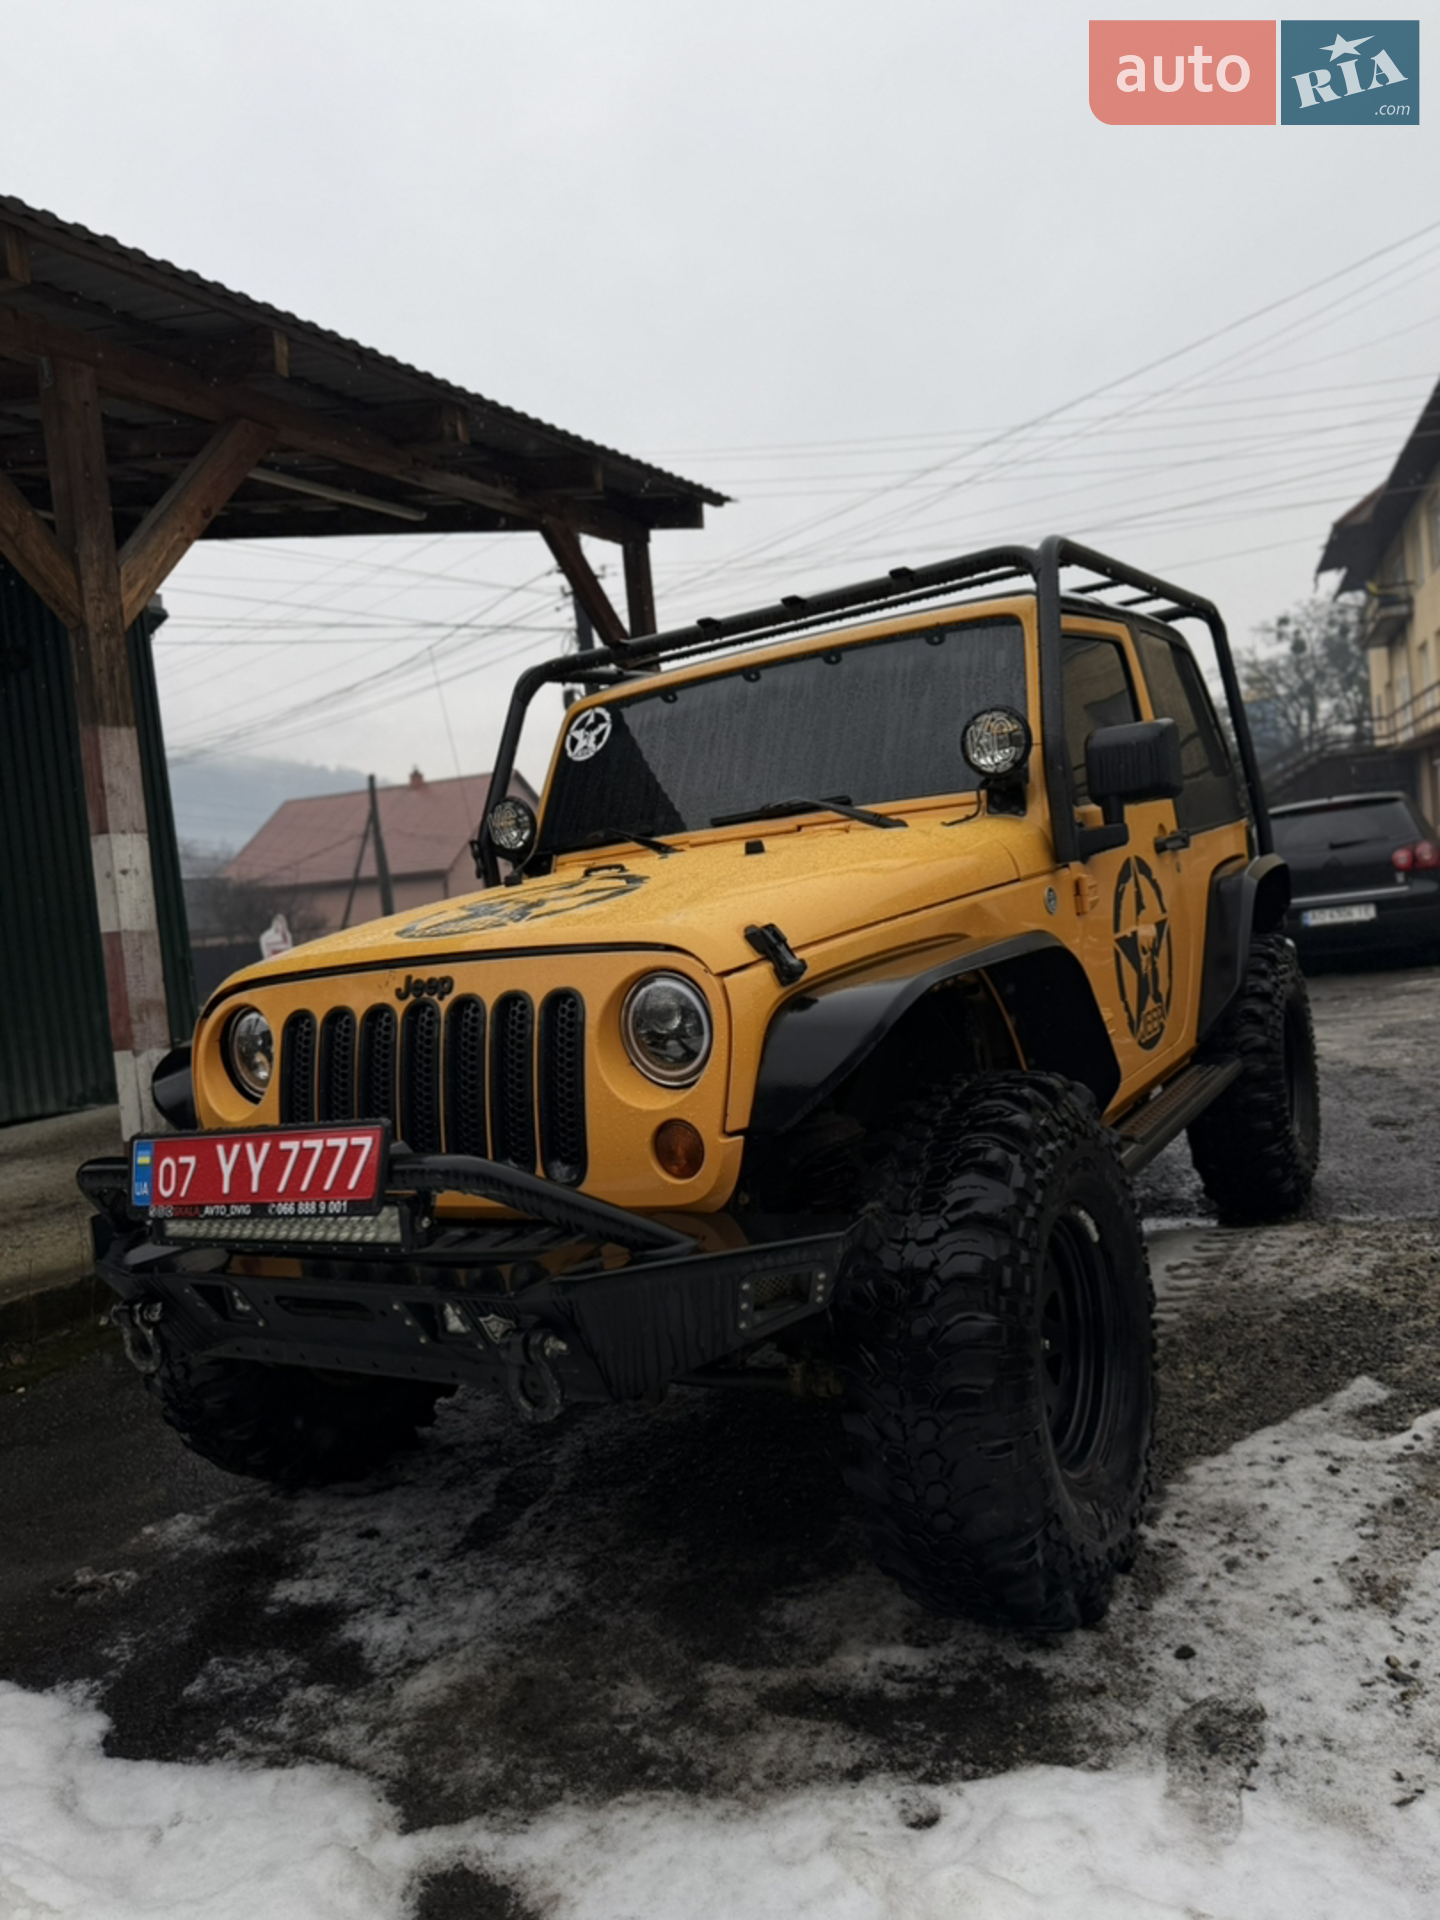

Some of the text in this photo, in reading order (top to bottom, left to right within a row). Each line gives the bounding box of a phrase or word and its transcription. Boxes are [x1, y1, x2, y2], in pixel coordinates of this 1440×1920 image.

[395, 974, 454, 1000] Jeep
[134, 1181, 150, 1197] UA
[157, 1156, 197, 1199] 07
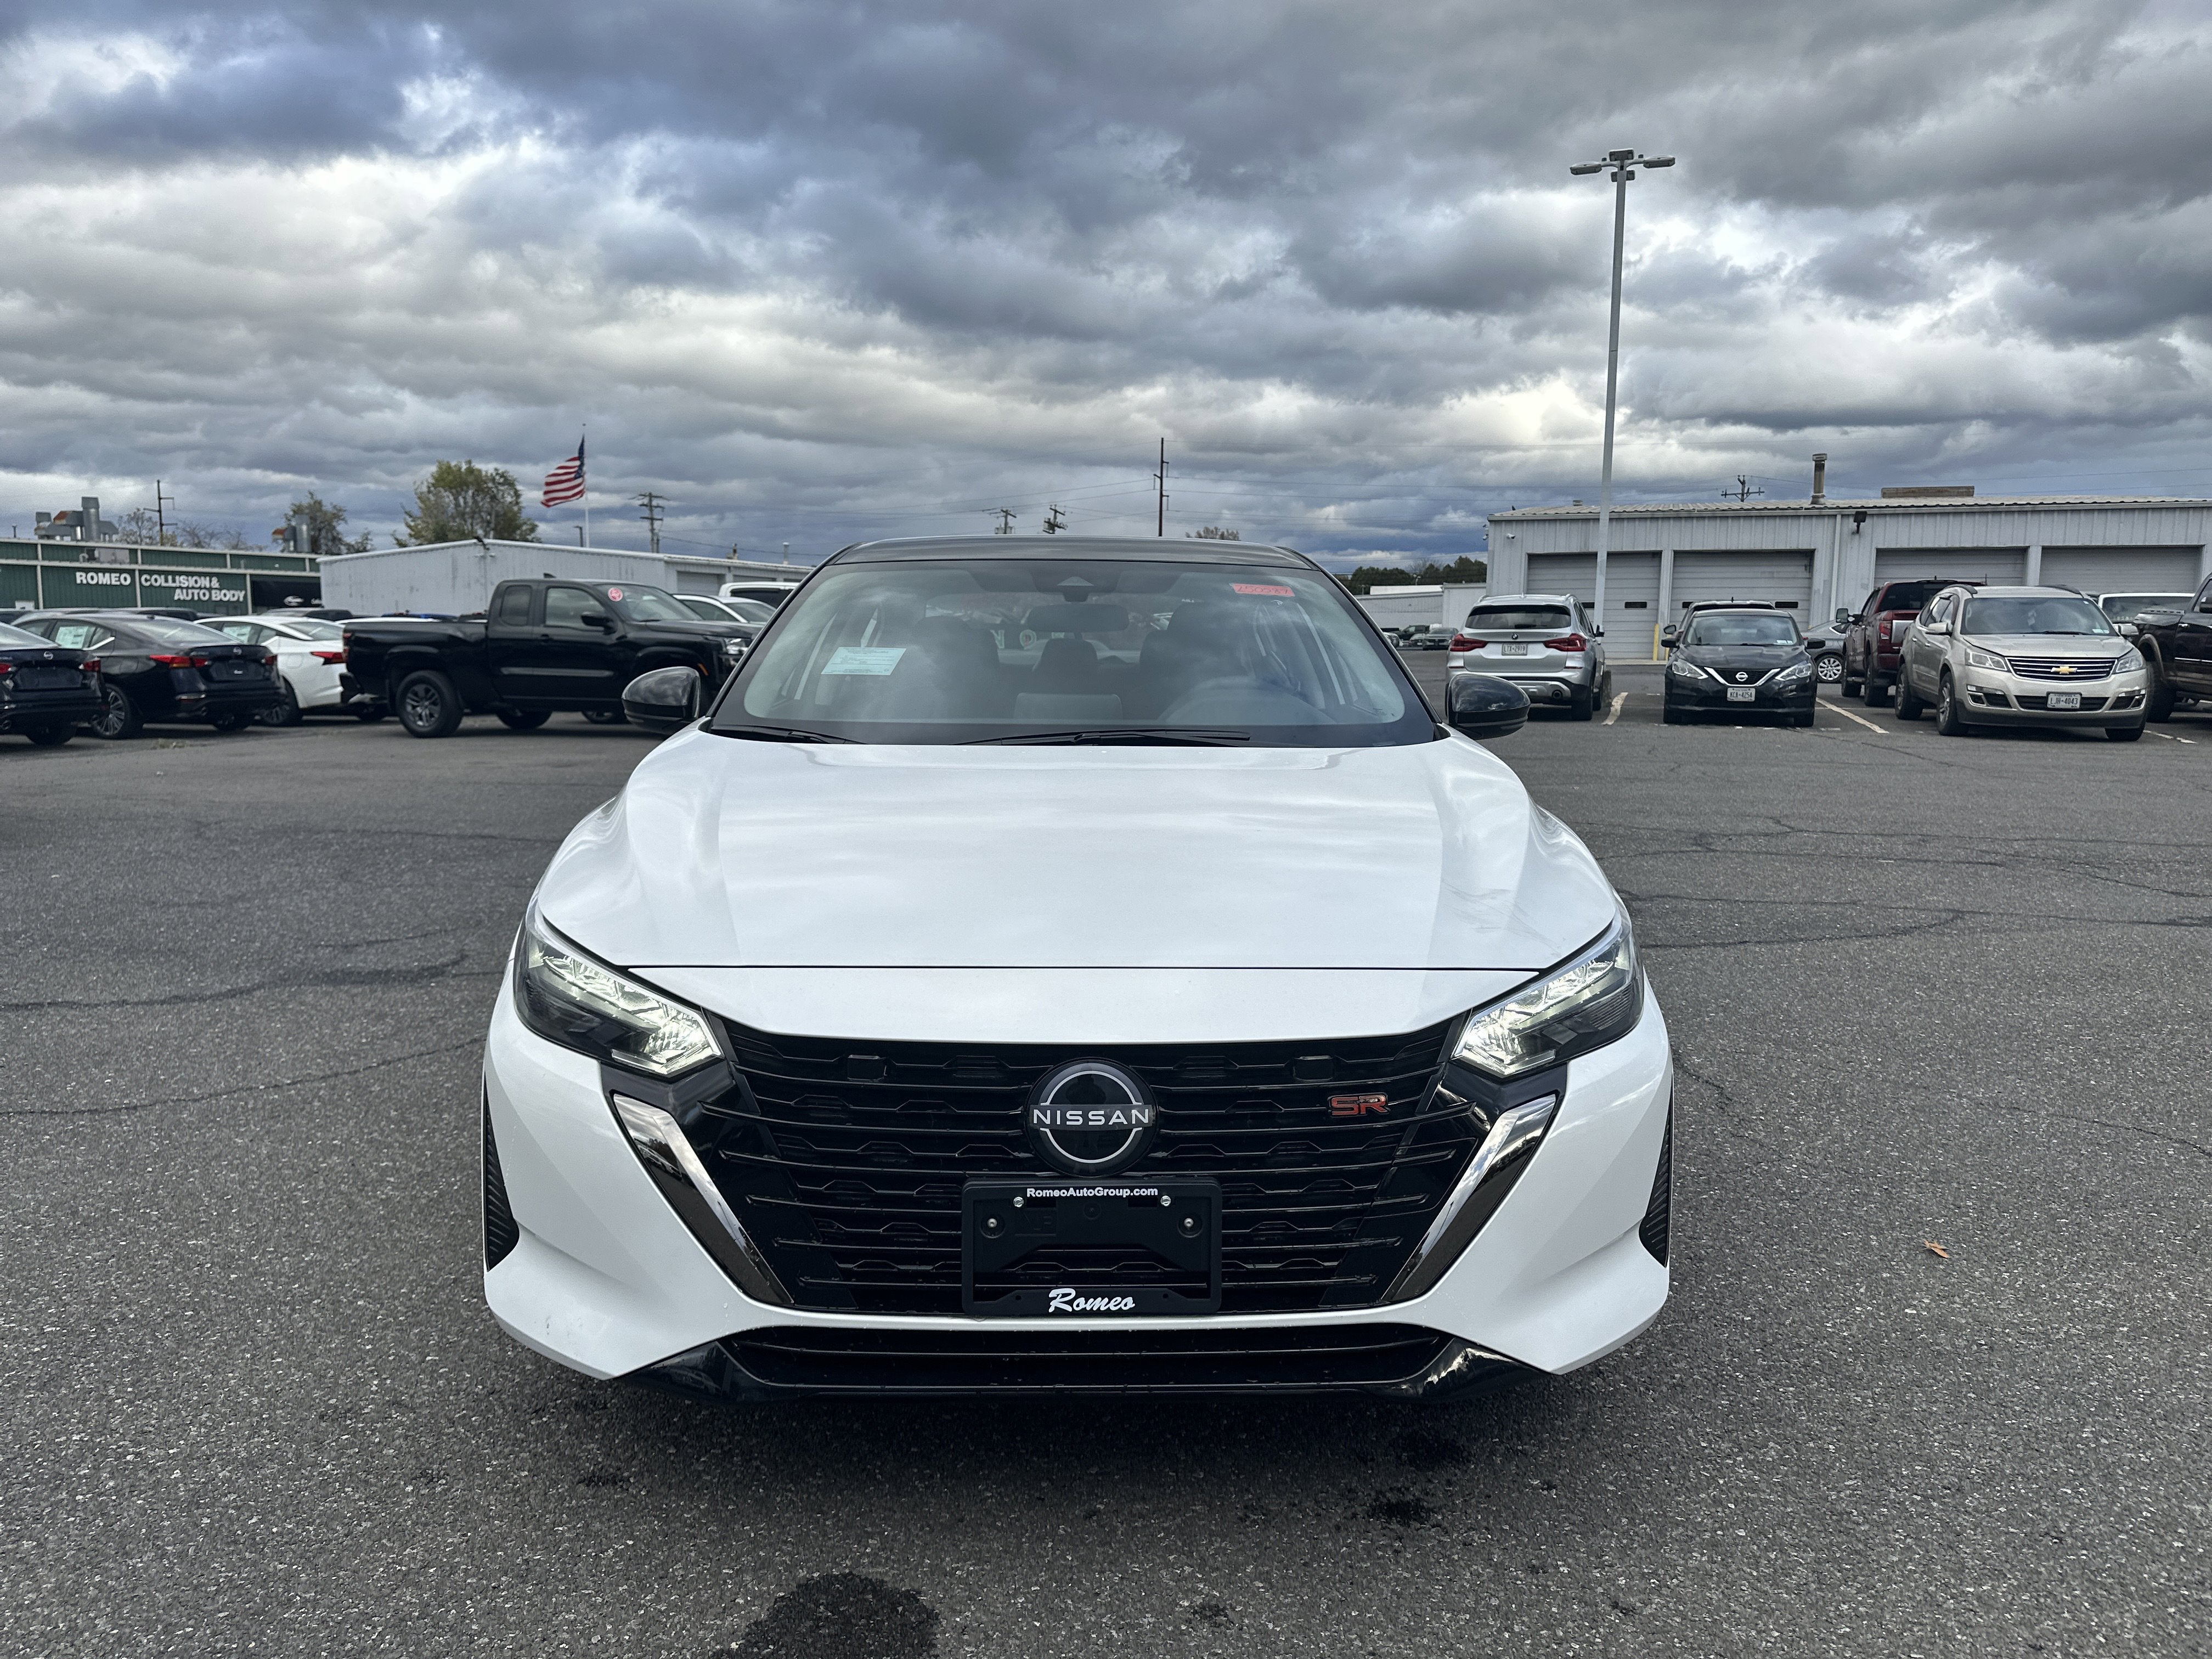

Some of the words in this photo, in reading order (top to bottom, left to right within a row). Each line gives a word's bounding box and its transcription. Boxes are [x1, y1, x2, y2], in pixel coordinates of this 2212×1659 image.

[76, 572, 131, 585] ROMEO
[174, 588, 210, 600] AUTO
[211, 589, 245, 601] BODY
[1331, 1094, 1388, 1115] SR
[1034, 1109, 1148, 1125] NISSAN
[1026, 1187, 1158, 1198] RomeoAutoGroup.com
[1048, 1288, 1135, 1312] Romeo

────

_YOUR OBJECTIVE_. Leaving out the pictures, transcribe the material above exactly.

_YOUR RESPONSE_.
Some of the text in this photo, in reading order (top to bottom, left to right within a row). Each line gives the bounding box of a phrase or word and its transcription. Boxes are [x1, y1, x2, y2], in pixel coordinates of this 1440×1920 image.

[395, 974, 454, 1000] Jeep
[134, 1181, 150, 1197] UA
[157, 1156, 197, 1199] 07

Some of the words in this photo, in reading order (top to bottom, left to right within a row). Each line gives a word's bounding box and its transcription. Boxes are [x1, y1, x2, y2], in pixel coordinates of this 2212×1659 image.

[76, 572, 131, 585] ROMEO
[174, 588, 210, 600] AUTO
[211, 589, 245, 601] BODY
[1331, 1094, 1388, 1115] SR
[1034, 1109, 1148, 1125] NISSAN
[1026, 1187, 1158, 1198] RomeoAutoGroup.com
[1048, 1288, 1135, 1312] Romeo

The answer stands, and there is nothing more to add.